Economists Stephen Miller (left), Jun Bei Liu and Shane Oliver say there could be more tough times to come.Credit: Andrew Quilty, Renee Nowytarger, Dominic Lorrimer

“Australian companies performed a little better than the average over the last 20 years,” he said. “They’re resilient but not shooting the lights out.”

Oliver said about 42 per cent of companies had so far surprised to the upside compared to 38 per cent which surprised to the downside, but that the average surprise was negative, with more weakness among larger companies.

That’s partly because of worse results from big energy companies, Oliver said, following a substantial fall in commodity prices. Energy stocks benefited from very high prices for coal, oil and gas in 2022 and 2023 as a result of the war in Ukraine, but those prices have since fallen.

Tribeca Investment Partners portfolio manager Jun Bei Liu said this reporting season had been better than expected, with most analysts positively surprised.

“Companies talked about slowing revenue momentum, but it was better than analysts expected, and margins and forward-looking guidance were also better than expected,” she said. “There are signs confidence had picked up among investors with mergers and acquisitions picking up in the last few weeks. Every second day there has seemed to be a takeover offer.”
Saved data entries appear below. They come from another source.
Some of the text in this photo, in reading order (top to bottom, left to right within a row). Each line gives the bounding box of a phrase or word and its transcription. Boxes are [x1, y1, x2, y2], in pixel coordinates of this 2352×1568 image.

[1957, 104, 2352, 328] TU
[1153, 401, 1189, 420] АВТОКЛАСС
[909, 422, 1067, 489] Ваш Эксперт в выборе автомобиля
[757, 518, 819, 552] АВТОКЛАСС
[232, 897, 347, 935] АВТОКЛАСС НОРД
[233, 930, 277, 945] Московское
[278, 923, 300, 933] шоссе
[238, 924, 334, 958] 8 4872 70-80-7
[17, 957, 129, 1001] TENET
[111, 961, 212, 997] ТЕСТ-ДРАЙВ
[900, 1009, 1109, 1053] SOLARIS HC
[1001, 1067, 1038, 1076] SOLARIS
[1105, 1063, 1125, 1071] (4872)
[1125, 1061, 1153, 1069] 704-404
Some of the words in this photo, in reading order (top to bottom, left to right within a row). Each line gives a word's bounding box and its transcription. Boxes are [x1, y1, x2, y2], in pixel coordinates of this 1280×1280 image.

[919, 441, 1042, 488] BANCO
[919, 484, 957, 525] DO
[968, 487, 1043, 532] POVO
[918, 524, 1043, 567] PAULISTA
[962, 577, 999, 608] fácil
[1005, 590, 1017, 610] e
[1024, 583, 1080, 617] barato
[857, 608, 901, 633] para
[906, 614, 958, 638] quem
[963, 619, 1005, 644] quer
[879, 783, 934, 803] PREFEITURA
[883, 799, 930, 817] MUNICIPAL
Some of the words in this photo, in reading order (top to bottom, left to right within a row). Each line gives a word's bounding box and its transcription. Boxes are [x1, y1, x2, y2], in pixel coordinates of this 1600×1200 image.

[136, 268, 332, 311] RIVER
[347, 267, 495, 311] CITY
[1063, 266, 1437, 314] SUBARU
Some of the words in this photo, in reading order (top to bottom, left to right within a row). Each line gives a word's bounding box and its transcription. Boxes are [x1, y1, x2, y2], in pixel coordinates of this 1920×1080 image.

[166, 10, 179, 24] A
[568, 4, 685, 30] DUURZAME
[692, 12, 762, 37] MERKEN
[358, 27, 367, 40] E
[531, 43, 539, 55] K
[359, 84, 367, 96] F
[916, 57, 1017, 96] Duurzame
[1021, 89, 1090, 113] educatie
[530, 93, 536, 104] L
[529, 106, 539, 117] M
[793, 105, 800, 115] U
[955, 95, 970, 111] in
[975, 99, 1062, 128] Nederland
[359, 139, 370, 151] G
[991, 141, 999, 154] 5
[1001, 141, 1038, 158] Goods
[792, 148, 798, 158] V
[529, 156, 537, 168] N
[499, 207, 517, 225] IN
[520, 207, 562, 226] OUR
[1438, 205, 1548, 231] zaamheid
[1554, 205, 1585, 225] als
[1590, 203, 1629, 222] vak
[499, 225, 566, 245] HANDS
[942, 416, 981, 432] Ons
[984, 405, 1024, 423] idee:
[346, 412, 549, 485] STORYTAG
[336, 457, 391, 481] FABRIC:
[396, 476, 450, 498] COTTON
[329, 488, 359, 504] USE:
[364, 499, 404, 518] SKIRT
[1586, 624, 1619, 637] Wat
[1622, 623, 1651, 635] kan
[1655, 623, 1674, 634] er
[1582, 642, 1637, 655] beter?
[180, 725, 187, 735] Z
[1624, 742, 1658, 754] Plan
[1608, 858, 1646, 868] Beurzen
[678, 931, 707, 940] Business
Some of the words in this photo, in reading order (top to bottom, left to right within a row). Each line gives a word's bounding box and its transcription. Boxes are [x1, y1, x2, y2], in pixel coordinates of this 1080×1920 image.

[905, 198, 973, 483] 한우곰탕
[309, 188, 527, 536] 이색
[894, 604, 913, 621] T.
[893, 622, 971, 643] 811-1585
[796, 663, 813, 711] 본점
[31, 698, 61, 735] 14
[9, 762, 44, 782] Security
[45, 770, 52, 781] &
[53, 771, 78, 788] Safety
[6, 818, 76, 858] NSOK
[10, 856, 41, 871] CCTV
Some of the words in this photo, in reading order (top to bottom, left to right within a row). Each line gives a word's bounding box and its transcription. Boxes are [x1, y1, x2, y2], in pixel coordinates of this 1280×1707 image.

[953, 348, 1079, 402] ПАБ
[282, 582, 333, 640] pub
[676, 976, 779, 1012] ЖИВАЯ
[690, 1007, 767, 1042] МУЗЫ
However, Liu said she was surprised at how quickly momentum in consumer staples including supermarkets had unwound, and noted companies which were COVID beneficiaries, including Domino’s Pizza and Collins Foods, had earnings slow.

Liu said consumer discretionary companies, such as JB Hi-Fi, proved more resilient than markets were expecting, and that the technology sector had been “on fire” with strong results across the board.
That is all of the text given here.